Differential and Integral CalculusLaajuus (3 ECTS)

Objective

The student understands the role of the derivative as the rate of change of a function. She/he can differentiate expressions using the basic differentiation rules. The student can solve extreme value problems.
The student understands the idea of the integral as a generalization of a sum. She/he understands the connection between the indefinite and the definite integral. The student knows the basic properties of integrals (linearity, additivity etc.) and is able to calculate plane areas using integrals.
The student also knows the principles of numerical differentiation and integration.

Content

Definition of the derivative. Derivatives of basic functions (powers, polynomials, exponential functions and logarithms, trigonometric functions). Basic differentiation formulas. Extreme value problems. Numerical differentiation. Higher derivatives.
Indefinite and definite integrals. Simple applications.
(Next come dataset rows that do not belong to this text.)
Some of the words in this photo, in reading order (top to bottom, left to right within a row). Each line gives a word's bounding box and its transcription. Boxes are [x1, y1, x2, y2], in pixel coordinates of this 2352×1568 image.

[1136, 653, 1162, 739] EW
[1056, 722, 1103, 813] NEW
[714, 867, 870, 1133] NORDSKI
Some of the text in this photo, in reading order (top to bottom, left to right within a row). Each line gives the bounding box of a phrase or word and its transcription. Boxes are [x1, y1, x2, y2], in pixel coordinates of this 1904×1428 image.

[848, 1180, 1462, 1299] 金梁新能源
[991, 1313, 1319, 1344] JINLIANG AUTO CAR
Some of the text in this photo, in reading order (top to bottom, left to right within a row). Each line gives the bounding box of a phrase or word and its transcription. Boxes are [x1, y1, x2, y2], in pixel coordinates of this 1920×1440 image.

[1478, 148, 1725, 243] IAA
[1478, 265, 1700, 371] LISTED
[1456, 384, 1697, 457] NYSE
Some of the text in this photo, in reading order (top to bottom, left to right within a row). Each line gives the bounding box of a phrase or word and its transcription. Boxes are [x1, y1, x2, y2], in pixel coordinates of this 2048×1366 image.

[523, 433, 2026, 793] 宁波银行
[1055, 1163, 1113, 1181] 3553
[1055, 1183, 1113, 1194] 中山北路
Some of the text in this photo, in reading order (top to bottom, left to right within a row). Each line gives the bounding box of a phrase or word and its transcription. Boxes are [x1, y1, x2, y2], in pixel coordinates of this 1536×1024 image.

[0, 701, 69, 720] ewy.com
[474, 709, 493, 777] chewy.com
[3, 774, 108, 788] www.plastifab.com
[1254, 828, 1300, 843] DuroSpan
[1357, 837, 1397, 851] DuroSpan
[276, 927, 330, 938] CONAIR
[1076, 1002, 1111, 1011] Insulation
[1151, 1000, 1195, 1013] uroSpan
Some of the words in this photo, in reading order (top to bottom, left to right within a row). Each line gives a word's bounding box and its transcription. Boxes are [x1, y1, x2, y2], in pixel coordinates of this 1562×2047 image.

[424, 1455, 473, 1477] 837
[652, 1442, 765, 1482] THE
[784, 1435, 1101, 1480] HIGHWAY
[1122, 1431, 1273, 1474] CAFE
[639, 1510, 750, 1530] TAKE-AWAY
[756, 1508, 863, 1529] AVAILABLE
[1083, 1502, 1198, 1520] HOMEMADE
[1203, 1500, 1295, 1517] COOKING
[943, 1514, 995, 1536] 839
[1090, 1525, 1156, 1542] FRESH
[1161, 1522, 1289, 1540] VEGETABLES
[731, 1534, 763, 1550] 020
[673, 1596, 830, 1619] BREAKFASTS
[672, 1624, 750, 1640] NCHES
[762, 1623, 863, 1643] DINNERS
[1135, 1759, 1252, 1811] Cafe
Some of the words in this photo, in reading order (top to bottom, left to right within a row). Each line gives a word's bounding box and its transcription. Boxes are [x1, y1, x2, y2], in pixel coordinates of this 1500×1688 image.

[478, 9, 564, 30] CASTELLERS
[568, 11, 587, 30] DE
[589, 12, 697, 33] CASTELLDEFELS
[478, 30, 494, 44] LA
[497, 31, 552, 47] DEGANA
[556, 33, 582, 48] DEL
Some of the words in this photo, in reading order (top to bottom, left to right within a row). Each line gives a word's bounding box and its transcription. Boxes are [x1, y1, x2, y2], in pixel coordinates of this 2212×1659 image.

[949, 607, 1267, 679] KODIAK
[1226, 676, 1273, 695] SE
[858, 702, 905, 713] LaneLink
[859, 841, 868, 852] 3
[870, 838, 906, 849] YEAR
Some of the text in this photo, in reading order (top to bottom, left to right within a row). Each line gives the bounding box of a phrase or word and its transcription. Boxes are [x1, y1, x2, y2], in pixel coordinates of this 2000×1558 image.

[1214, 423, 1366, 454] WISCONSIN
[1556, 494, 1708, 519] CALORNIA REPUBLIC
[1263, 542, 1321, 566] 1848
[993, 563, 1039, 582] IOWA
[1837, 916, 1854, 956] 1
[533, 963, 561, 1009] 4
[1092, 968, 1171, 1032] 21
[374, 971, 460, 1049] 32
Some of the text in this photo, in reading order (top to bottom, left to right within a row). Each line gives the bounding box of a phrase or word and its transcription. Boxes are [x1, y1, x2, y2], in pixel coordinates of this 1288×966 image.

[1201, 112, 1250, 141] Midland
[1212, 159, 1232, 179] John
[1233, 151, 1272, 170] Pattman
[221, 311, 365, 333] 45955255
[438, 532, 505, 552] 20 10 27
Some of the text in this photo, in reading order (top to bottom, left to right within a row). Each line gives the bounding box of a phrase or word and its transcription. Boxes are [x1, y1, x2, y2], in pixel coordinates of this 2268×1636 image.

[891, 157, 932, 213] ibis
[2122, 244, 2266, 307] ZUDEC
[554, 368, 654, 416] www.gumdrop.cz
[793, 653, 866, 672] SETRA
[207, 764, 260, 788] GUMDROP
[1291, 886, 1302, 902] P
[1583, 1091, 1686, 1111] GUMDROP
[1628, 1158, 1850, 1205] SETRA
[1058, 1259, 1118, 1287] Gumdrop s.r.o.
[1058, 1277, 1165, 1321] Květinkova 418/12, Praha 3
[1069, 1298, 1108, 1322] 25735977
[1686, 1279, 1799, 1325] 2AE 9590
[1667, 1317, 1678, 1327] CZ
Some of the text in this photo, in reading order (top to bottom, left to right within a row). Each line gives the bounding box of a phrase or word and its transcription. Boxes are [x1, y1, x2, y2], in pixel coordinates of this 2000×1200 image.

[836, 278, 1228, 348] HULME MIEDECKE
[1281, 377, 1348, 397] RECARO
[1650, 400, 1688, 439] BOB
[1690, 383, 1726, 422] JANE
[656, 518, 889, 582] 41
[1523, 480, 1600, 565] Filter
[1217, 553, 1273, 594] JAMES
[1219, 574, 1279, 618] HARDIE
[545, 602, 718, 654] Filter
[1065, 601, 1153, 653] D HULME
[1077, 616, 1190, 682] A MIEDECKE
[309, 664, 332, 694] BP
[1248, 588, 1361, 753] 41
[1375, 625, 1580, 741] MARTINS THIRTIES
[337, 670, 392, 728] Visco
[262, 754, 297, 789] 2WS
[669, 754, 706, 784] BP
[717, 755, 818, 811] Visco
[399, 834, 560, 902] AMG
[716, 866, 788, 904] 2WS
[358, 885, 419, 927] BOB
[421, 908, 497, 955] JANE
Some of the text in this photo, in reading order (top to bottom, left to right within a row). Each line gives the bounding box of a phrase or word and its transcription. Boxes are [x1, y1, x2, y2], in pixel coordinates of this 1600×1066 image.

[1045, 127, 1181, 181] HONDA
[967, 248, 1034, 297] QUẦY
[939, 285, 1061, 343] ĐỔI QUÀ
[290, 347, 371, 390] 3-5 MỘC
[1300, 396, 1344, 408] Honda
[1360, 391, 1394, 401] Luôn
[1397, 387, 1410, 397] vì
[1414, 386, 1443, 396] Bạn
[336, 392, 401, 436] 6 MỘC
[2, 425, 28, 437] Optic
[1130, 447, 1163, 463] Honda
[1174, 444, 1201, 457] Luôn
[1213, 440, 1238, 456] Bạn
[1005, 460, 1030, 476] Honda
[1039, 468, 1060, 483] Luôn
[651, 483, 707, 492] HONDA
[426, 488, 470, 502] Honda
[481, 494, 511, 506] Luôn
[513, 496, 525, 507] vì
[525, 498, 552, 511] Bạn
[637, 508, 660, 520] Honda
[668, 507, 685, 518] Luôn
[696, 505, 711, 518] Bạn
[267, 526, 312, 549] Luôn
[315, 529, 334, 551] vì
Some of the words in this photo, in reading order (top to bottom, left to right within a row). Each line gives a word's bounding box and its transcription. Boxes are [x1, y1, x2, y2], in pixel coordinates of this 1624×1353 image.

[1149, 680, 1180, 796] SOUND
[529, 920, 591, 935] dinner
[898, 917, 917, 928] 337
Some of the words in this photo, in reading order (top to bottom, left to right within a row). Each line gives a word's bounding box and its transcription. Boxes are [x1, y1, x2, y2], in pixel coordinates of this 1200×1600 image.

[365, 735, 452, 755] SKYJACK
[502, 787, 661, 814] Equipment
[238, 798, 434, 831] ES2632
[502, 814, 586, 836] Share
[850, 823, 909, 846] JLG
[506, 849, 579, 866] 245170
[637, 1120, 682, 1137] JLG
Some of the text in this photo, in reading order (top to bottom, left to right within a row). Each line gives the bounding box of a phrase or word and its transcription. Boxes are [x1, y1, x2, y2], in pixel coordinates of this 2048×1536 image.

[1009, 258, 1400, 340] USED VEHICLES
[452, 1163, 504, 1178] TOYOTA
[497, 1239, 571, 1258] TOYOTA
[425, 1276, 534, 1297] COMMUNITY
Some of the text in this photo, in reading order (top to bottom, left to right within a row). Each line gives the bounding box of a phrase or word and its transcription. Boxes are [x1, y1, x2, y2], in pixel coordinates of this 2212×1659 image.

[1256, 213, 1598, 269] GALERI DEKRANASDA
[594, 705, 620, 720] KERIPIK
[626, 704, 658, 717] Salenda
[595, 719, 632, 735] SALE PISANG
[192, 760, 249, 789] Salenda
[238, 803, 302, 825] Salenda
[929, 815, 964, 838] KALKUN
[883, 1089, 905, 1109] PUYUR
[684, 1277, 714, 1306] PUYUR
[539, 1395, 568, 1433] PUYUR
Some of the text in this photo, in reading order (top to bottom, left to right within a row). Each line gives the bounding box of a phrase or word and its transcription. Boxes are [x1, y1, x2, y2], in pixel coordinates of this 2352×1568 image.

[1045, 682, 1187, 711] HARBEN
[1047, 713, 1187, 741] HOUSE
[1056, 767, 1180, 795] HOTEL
Numerical integration.

Qualifications

Lausekkeet ja yhtälöt (TV00AA73) Matemaattiset funktiot (TV00AA02) or respective knowledge.

Assessment criteria, satisfactory (1)

The student is able to differentiate and integrate simple expressions possibly using mathematical tables. He/she understands the significance of the derivative as the rate of change of function and in solving extreme values problems.
The student is able to use integrals to find the area bounded by graphs of given functions.

Assessment criteria, good (3)

In addition to the above: The student masters the chain rule. He/she is able to formulate and solve a simple application problem as an extreme value problem. He/she can draw the flow diagram of a function. He/she is able to find numerical approximations of derivatives and integrals.
He/she is able to apply the properties of the definite integral (for example, the integral of an even/odd function over a symmetric interval, additivity of the integral). He/she is able to solve simple application problems using integrals.

Assessment criteria, excellent (5)

In addition to the above: The student understands the significance of the second derivative for the behavior of a function. He/she understands well the connection between the indefinite and the definite integral. He/she knows how to use the derivative and the integral for solving application problems.